Cs-Ar optical amplifier with a saturation intensity of 10 kW-cm−2 and single-pass extraction efficiency of 28% at 852.2 nm
Author(s) -
S. Park,
Andrey E. Mironov,
J. G. Eden
Publication year - 2020
Publication title -
optics express
Language(s) - English
Resource type - Journals
SCImago Journal Rank - 1.394
H-Index - 271
ISSN - 1094-4087
DOI - 10.1364/oe.390350
Subject(s) - full width at half maximum , atomic physics , saturation (graph theory) , laser , optics , materials science , wavelength , spectral line , optical amplifier , excitation , amplifier , analytical chemistry (journal) , physics , chemistry , optoelectronics , mathematics , chromatography , combinatorics , astronomy , quantum mechanics , cmos
Optical amplification by the stimulated emission of Cs(6p 2 P 3/2 )-Ar atomic pairs, observed in pump-probe experiments over a ∼290 GHz-wide spectral region lying to the red of the Cs D 2 line (852.1 nm), has been realized by photoexciting thermalized, ground state Cs-Ar atoms in the 834-849 nm wavelength interval. When the gain medium is pumped at the peak of the CsAr B 2 Σ 1/2 + ←X 2 Σ 1/2 + transition at 836.7 nm, maximum gain occurs between 852.2 nm and 852.3 nm and >28% of the energy stored in the upper laser level is extracted with 8 ns (FWHM) probe pulses in a single pass.
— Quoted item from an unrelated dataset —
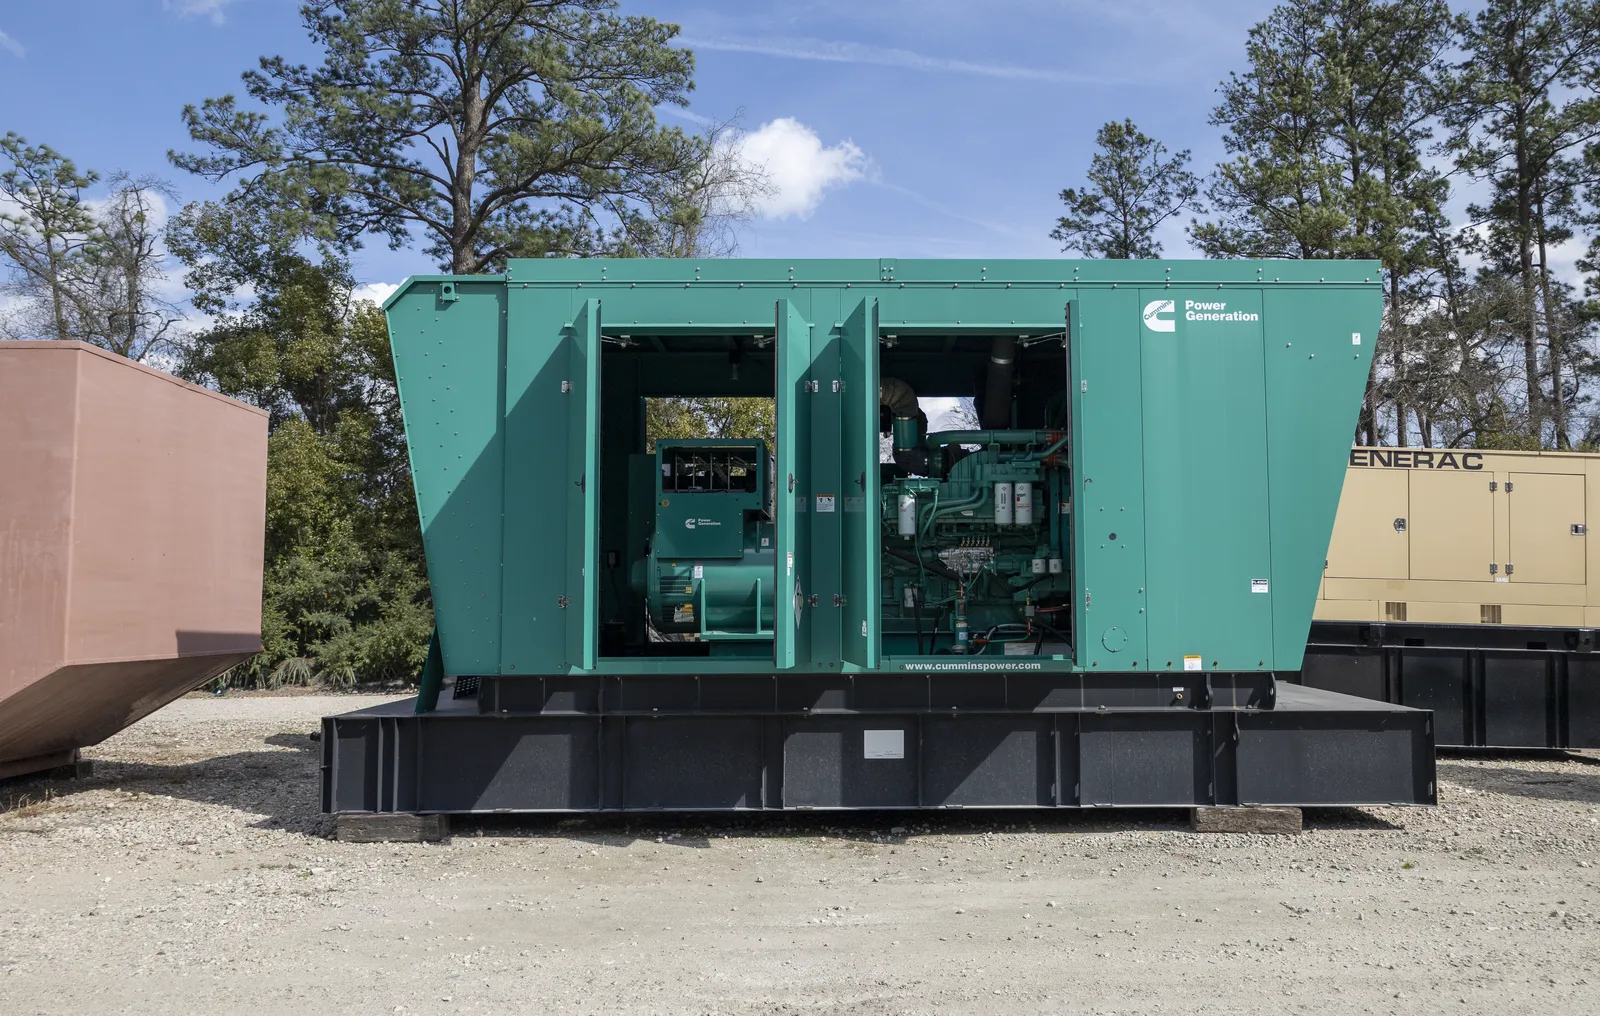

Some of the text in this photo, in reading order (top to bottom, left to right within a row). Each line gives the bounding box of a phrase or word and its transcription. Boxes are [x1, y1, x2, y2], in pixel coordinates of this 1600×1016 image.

From the measured rate of saturation of the extracted pulse energy with increasing probe intensity, the product of γ 0 L and E sat , the saturation pulse energy, is measured directly to be 400 ± 20 µJ and the lower limit for the saturation intensity (I sat ) of this amplifier is estimated to be 10 kW-cm -2 at 852.2 nm. Circularly polarizing the optical pump beam increases the optical-to-optical conversion efficiency by 20%, and the storage lifetime of the upper laser level is observed from temporally-resolved gain spectra to be 5 ± 1 ns. Pump excitation spectra also reveal a significant contribution from Ar-Cs-Ar (3-body) photoassociation and suprathermal Ar atoms generated by the dissociation of the CsAr B 2 Σ 1/2 + complex. Multipass-amplifier geometries with broad-bandwidth probe signals are expected to yield upper state energy extraction efficiencies above 50%. This alkali-rare gas amplifier demonstrates the efficiencies available with the storage of energy in, and optical extraction from, excited atomic collision pairs.